The province has been hit by a surge in fighting between pro- and anti-government forces that began at the end of last year, as Iraq suffers its worst violence since 2008.
"Over the last six weeks up to 300,000 Iraqis - some 50,000 families - have been displaced due to insecurity around Fallujah and Ramadi" in Anbar, a UN refugee agency statement released on Tuesday said.
"Most of the displaced have fled to outlying communities in Anbar province to escape the fighting, while 60,000 persons have fled to more distant provinces," according to the statement summarising remarks by spokeswoman Melissa Fleming in Geneva.

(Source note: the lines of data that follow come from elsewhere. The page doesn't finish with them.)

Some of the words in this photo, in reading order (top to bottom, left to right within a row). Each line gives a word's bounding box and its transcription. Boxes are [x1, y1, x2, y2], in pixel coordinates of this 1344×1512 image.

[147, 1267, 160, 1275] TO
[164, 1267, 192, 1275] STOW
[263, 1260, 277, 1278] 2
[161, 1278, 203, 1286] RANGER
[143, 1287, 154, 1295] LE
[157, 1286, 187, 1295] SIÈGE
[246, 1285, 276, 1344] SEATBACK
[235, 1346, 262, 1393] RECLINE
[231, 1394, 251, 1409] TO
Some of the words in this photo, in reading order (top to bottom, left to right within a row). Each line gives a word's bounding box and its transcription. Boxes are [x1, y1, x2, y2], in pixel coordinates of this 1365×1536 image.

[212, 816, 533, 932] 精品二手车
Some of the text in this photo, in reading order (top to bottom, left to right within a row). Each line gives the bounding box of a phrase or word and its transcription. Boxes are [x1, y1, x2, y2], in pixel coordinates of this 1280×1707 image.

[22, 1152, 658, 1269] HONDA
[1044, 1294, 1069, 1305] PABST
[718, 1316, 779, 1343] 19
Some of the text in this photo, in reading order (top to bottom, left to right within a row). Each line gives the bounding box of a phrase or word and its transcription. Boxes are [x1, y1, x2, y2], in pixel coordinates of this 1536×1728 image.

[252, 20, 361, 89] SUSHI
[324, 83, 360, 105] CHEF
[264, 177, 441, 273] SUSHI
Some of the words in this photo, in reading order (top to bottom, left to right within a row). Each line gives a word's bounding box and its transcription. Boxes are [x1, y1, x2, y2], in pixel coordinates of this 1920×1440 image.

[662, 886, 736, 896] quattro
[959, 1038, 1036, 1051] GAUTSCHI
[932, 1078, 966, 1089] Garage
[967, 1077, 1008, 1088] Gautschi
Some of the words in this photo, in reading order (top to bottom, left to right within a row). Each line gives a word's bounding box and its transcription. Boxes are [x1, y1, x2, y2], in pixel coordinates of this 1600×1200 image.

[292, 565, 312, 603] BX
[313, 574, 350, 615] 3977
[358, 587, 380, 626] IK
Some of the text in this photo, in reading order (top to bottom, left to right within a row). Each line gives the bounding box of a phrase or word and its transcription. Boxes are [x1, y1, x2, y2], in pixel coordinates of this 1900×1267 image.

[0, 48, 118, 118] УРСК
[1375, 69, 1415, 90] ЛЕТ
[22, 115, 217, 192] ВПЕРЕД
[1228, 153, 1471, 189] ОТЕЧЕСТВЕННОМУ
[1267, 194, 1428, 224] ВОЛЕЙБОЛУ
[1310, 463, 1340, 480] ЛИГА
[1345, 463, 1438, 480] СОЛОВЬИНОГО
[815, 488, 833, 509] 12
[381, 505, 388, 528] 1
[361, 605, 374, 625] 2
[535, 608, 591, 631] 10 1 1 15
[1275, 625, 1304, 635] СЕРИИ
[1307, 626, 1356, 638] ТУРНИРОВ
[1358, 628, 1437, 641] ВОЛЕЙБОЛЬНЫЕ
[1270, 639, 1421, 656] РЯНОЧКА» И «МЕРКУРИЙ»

The displaced Iraqis join more than 1.1 million compatriots who fled violence in past years and have still not returned to their homes.
The UN said last month the number of people displaced by the fighting in Anbar was already the highest since the brutal sectarian violence of 2006-2008.
The crisis in the western desert province erupted in late December with clashes in the Ramadi area when security forces dismantled Iraq's main Sunni-Arab anti-government protest camp, which was near the city.
With Iraq's once-Sunni minority accusing the Shia-led government of Nouri al-Maliki of discrimination, Sunni armed groups exploited the political rift and subsequently seized parts of Ramadi, the provincial capital, and all of Fallujah to its west, just a short drive from Baghdad.
It is the first time anti-government forces have exercised such open control since the peak of the deadly violence that followed the 2003 US-led invasion.
Anbar Governor Ahmed al-Dulaimi at the weekend gave fighters in Fallujah a week to surrender, but said authorities would not negotiate with those involved in the violence.
While government forces have made steady progress in retaking areas of Ramadi, they have largely stayed out of Fallujah for fear that an incursion would lead to a drawn-out urban conflict with high numbers of casualties.
Fallujah was a bastion of the Sunni insurgency following the invasion, and American forces there saw some of their heaviest fighting since the Vietnam War.
There have been calls for the Shia-led government to address Sunni grievances in order to undermine support for fighters, but with April elections looming, Prime Minister al-Maliki has taken a hard line.